Step 2: Know Your Tastes
Gentle Readers, I am obsessed with food. I do not expect you to be. But it does help to be aware of your tastes, and the preferences of those in lockdown with you. Here are a few basic parameters to assist in self-diagnosis.
- Texture: Meals are more successful if there are multiple textures. I’ve never been one for smoothies as meal replacements, I have to chew food to think I’m eating. So all soft meals don’t work, I need crunch. Picky eaters very often have texture issues. Figure that out and add some crunch or some options for the texture-challenged. This also applies to overly wet or dry foods. Soups may not pass muster, but stews will.
- Spice: If you have spice adverse people, bring the heat to the table to add individually. Pickled jalepeños, red pepper flakes, hot sauce, spicy pickles, whatever it takes. If you are bored of pantry-safe meals, add some heat to change them up.
- Heat: Now I mean temperature. Consider how you’re serving this meal. Does it taste the same freshly made, at room temp, cold? Does it suffer in one of those states? If you make ahead, don’t be afraid to suggest warming up an individual serving if someone likes piping hot food. Often dishes benefit from adding a little liquid when you reheat them.

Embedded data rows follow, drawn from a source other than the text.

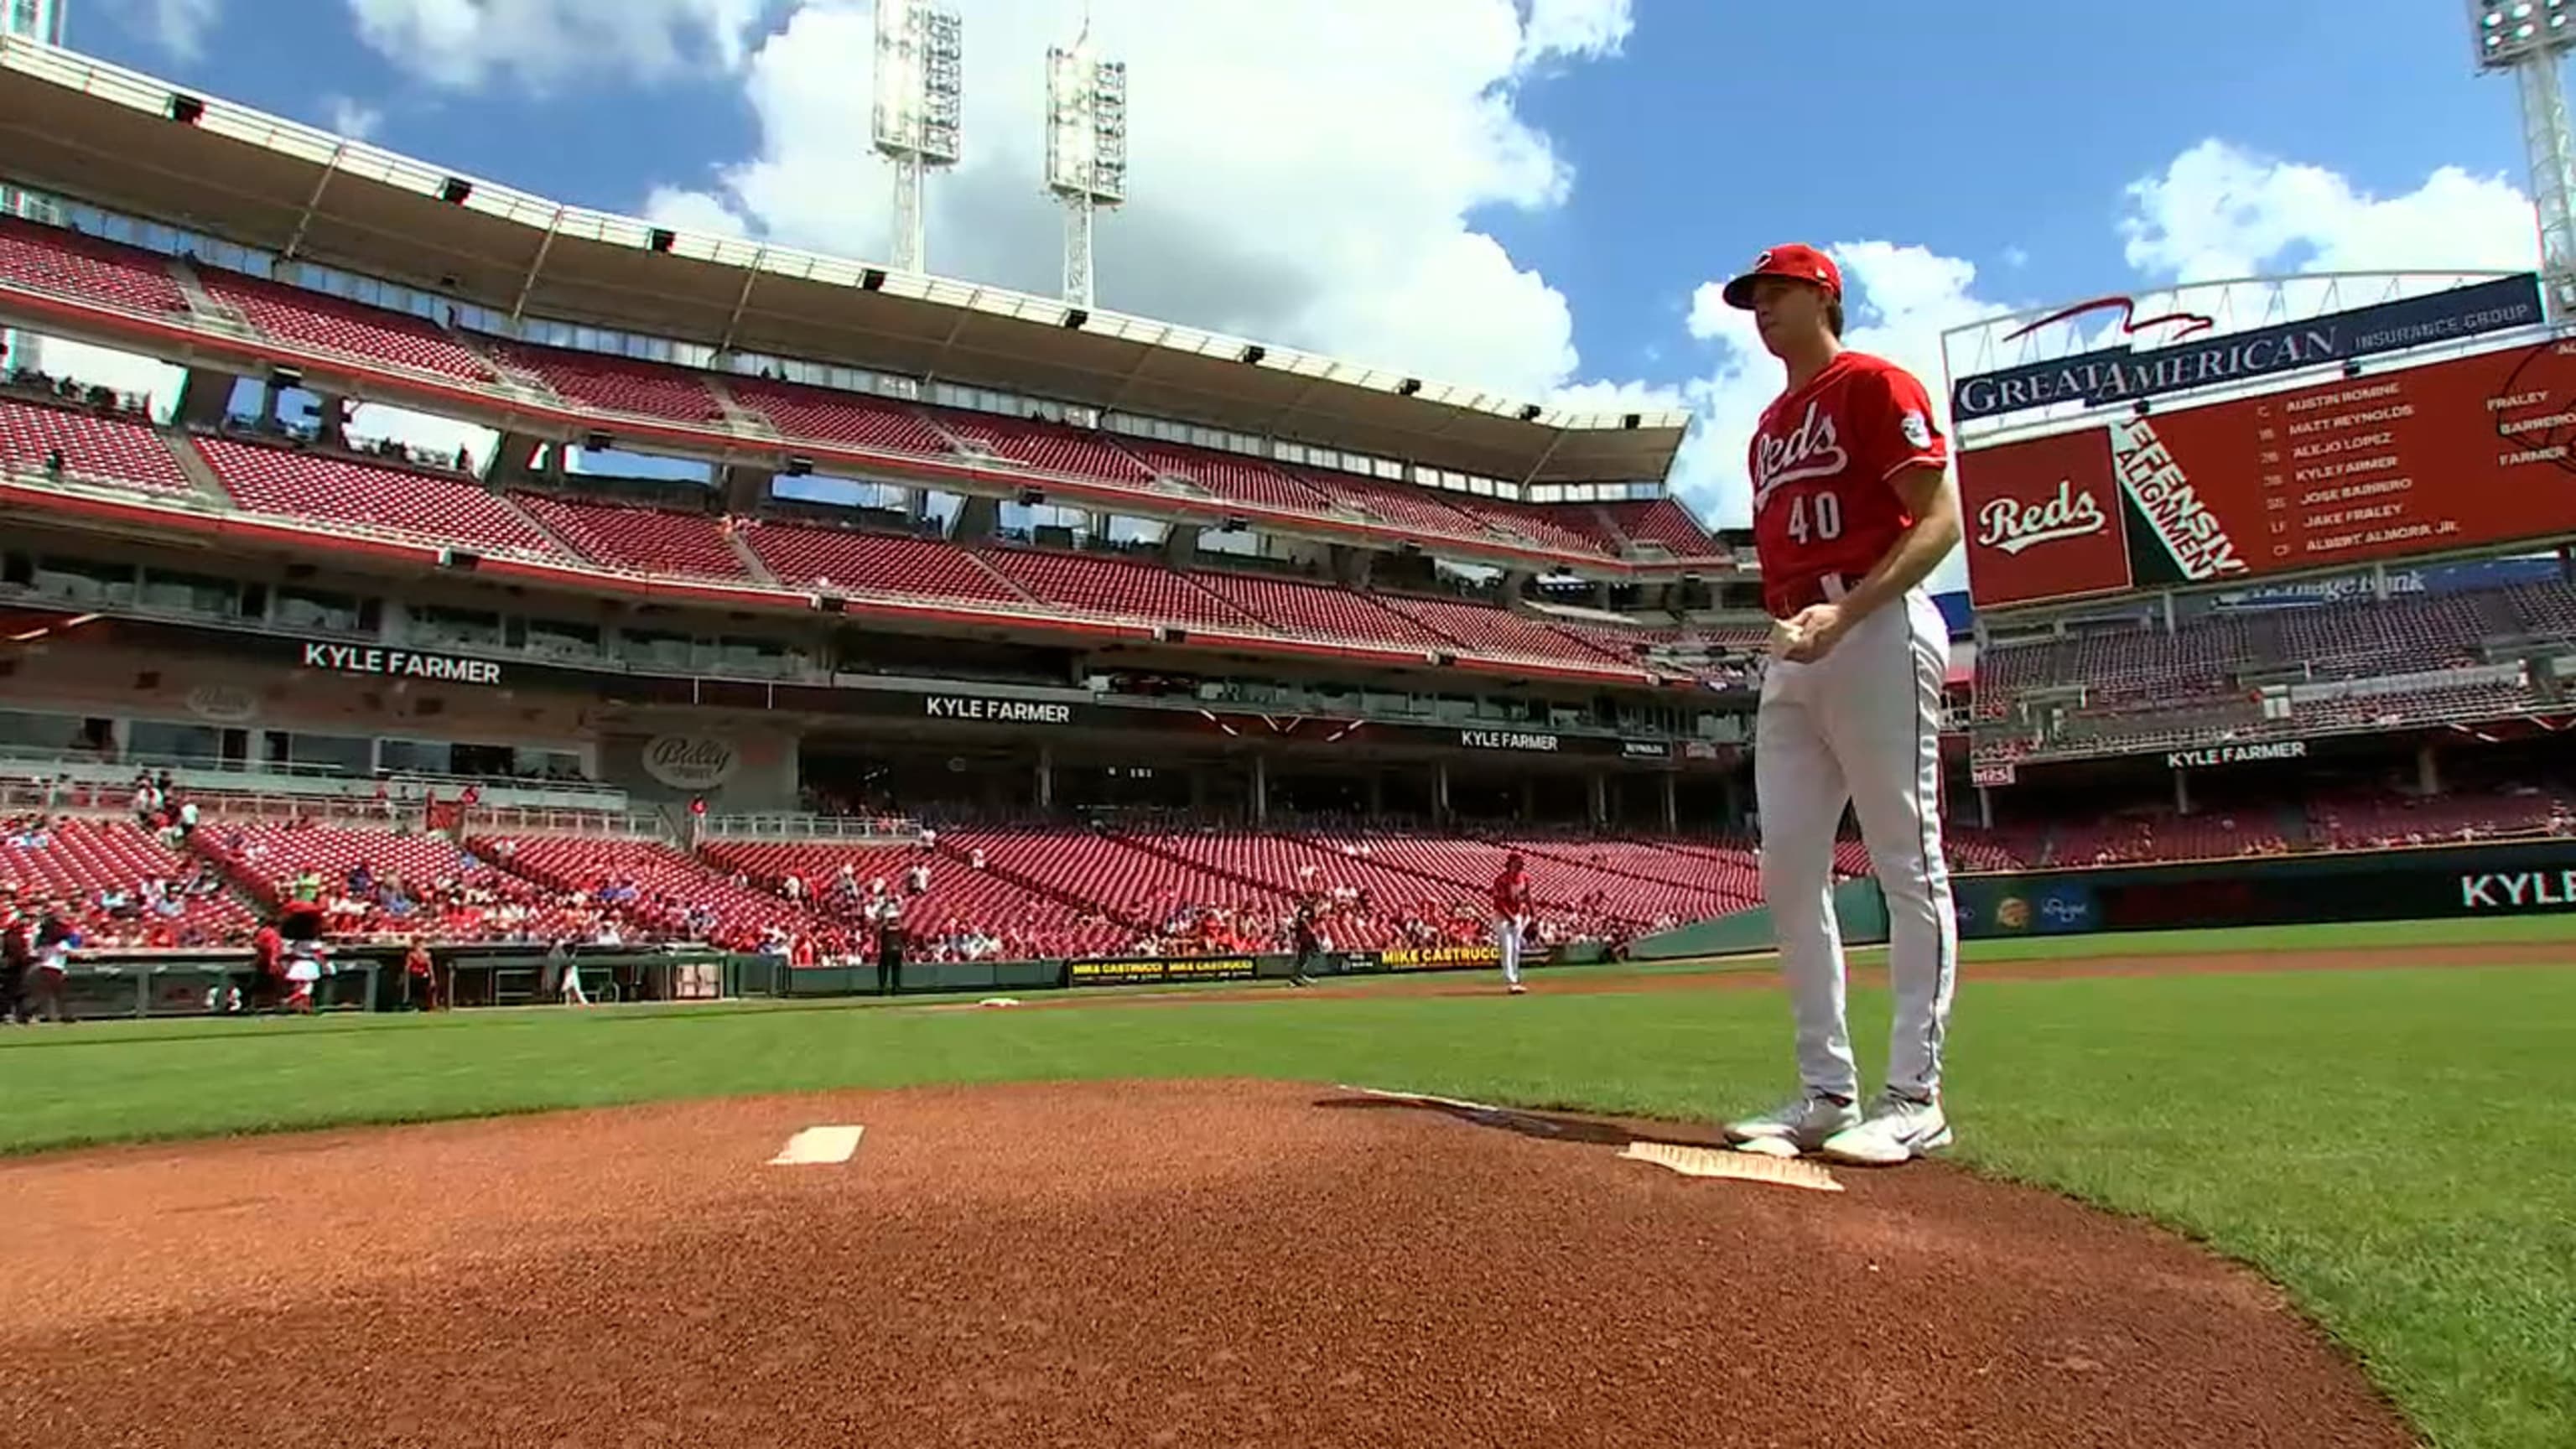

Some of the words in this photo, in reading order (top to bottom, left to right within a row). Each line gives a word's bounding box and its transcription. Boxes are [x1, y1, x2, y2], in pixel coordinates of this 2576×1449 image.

[2355, 317, 2457, 349] INSURANCE
[2463, 304, 2528, 328] GROUP
[2287, 394, 2340, 412] AUSTIN
[2342, 382, 2400, 402] ROMINE
[2487, 391, 2549, 411] FRALEY
[2289, 418, 2332, 435] MATT
[2334, 404, 2414, 427] REYNOLDS
[2293, 441, 2342, 459] ALEJO
[2345, 432, 2393, 450] LOPEZ
[2499, 446, 2567, 466] FARMER
[2295, 467, 2334, 483] KYLE
[2336, 455, 2397, 475] FARMER
[2300, 491, 2339, 506] JOSE
[2341, 478, 2412, 498] BARRERO
[1789, 491, 1841, 544] 40
[1978, 480, 2106, 554] Reds
[2303, 513, 2343, 528] JAKE
[2346, 503, 2402, 522] FRALEY
[2307, 535, 2363, 552] ALBERT
[2365, 524, 2431, 543] ALMORA
[304, 643, 383, 672] KYLE
[388, 652, 501, 684] FARMER
[927, 696, 983, 718] KYLE
[987, 700, 1070, 723] FARMER
[1462, 730, 1500, 748] KYLE
[1502, 732, 1558, 751] FARMER
[2167, 750, 2221, 767] KYLE
[2222, 741, 2307, 762] FARMER
[2461, 870, 2576, 906] KYLE
[1072, 963, 1100, 974] MIKE
[1102, 962, 1163, 974] CASTRUCCI
[1168, 961, 1194, 971] MIKE
[1196, 959, 1254, 971] CASTRUCCI
[1382, 949, 1419, 964] MIKE

- Salt, butter, cream: As a very wise chef friend once told me, add enough of any of these, and food will taste good. Someone told me recently that they couldn’t taste salt, so they didn’t cook with it. Gentle readers, just no. If you have health conditions that preclude it, by all means work around. Otherwise, rinse your canned beans and use no-salt when you have the chance, and add kosher salt throughout the cooking process (salted water for pasta, salt to help sweat and sauté veggies, taste and finish with salt if needed before serving). Butter and cream, that goes without saying, and you don’t have to add it to everything, but it can go in one dish and it will be delicious.

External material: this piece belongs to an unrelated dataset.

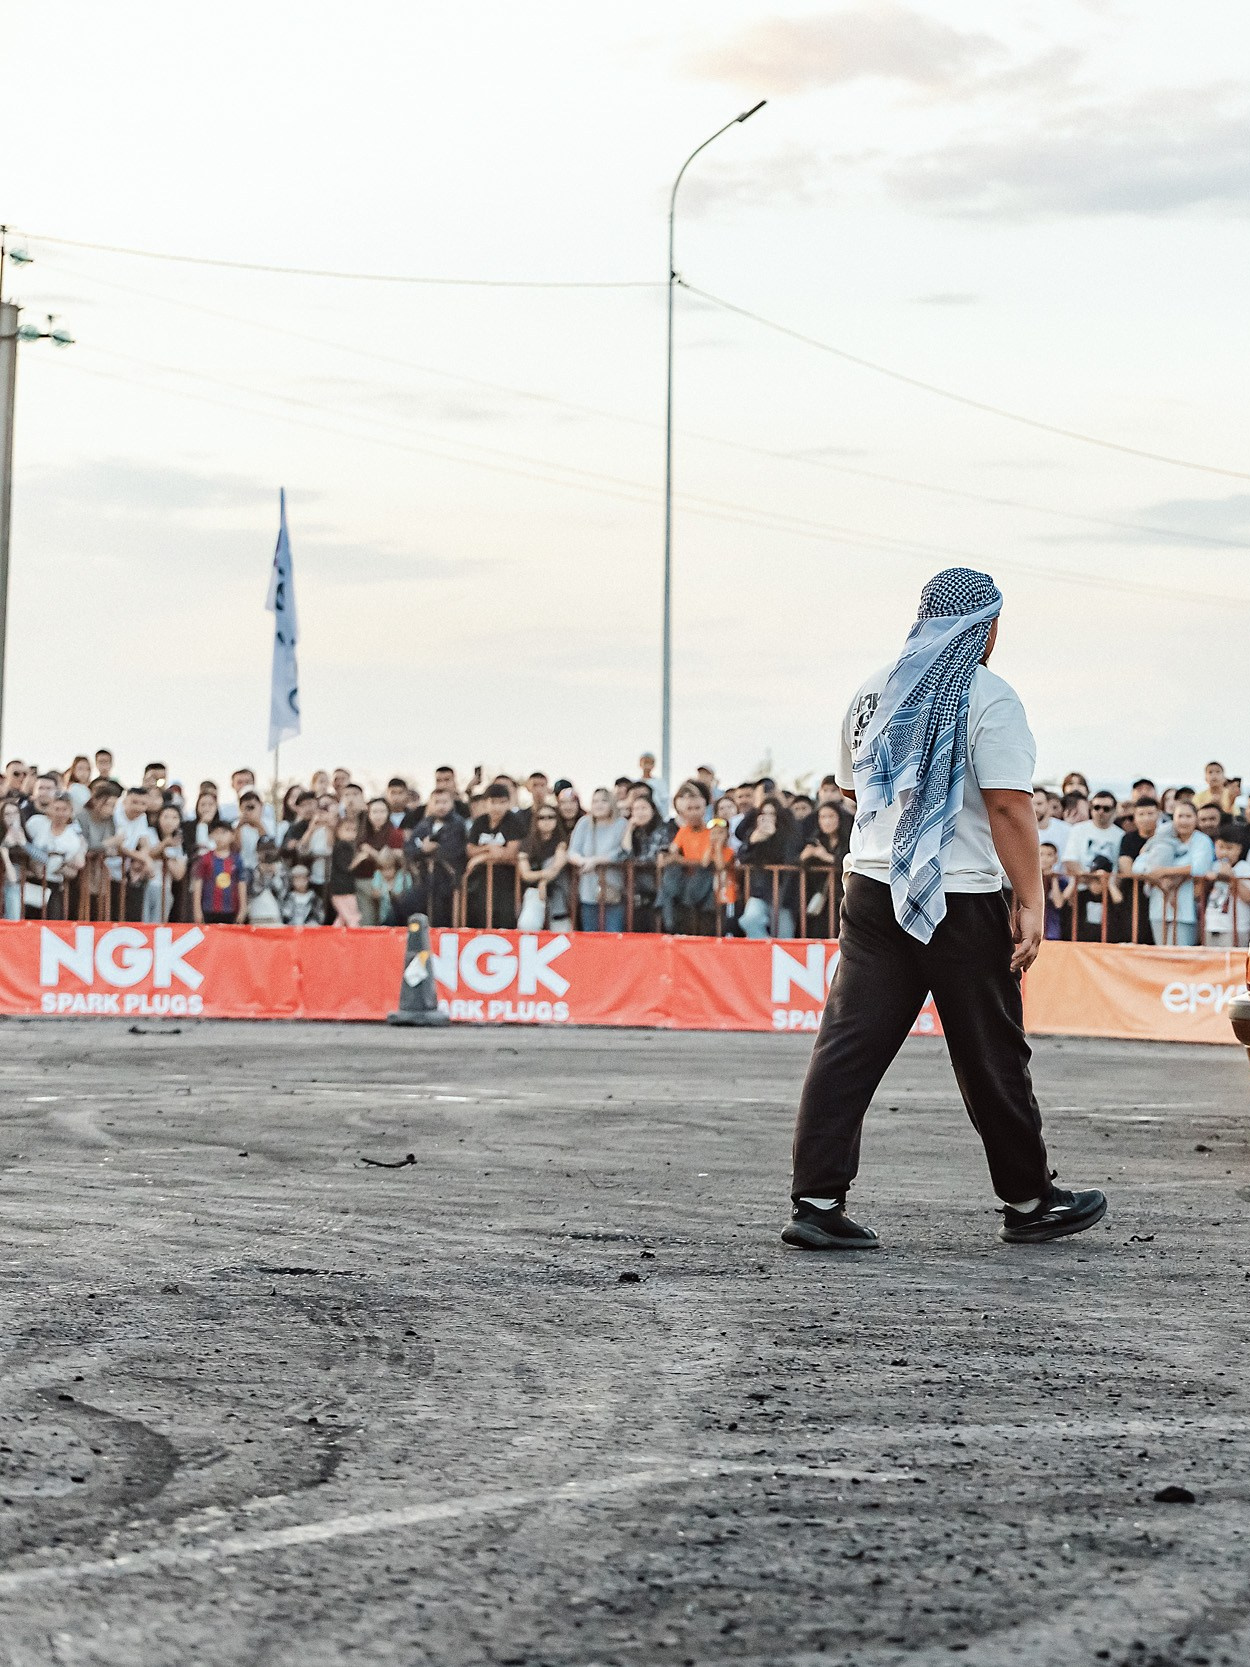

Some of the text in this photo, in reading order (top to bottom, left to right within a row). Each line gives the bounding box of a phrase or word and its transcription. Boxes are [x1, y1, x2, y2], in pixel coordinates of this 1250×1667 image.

[40, 925, 206, 990] NGK
[41, 992, 203, 1015] SPARK PLUGS
[488, 1000, 570, 1022] PLUGS
[772, 1009, 823, 1030] SPA

Step 3: Prepare to Improvise
The internet is a glorious place full of flexible recipes, suggested swaps for missing ingredients, and easier recipes if you don’t feel like soufflé tonight. The other day I planned to make wontons with my leftover wonton wrappers. I made the filling, had to take a break, and then came back just before dinner. The wonton wrappers had obtained a mold that very well may be the missing cure to something. It was not good. The filling was cabbage and chives and fauxsage and I suddenly realized it looked a lot like moo shu. I know that moo shu pancakes are not unlike tortillas, which I did have. Best of all, it is much faster to heat up tortillas and filling than to make wontons (at least for this beginner!). Don’t panic, just pivot.
Don’t have some piece of kitchen gear? Look for alternate recipes or prep methods that approximate. Don’t have an ingredient? Decide if it’s central or a sidenote.
That is the journey through the mind of The Practical Cook. It’s how I learned to cook, it’s how I learned to eat, it’s how I learned to watch what people were eating and more successfully feed even the pickiest. And I’ve raised two people who are comfortable cooks in their own right.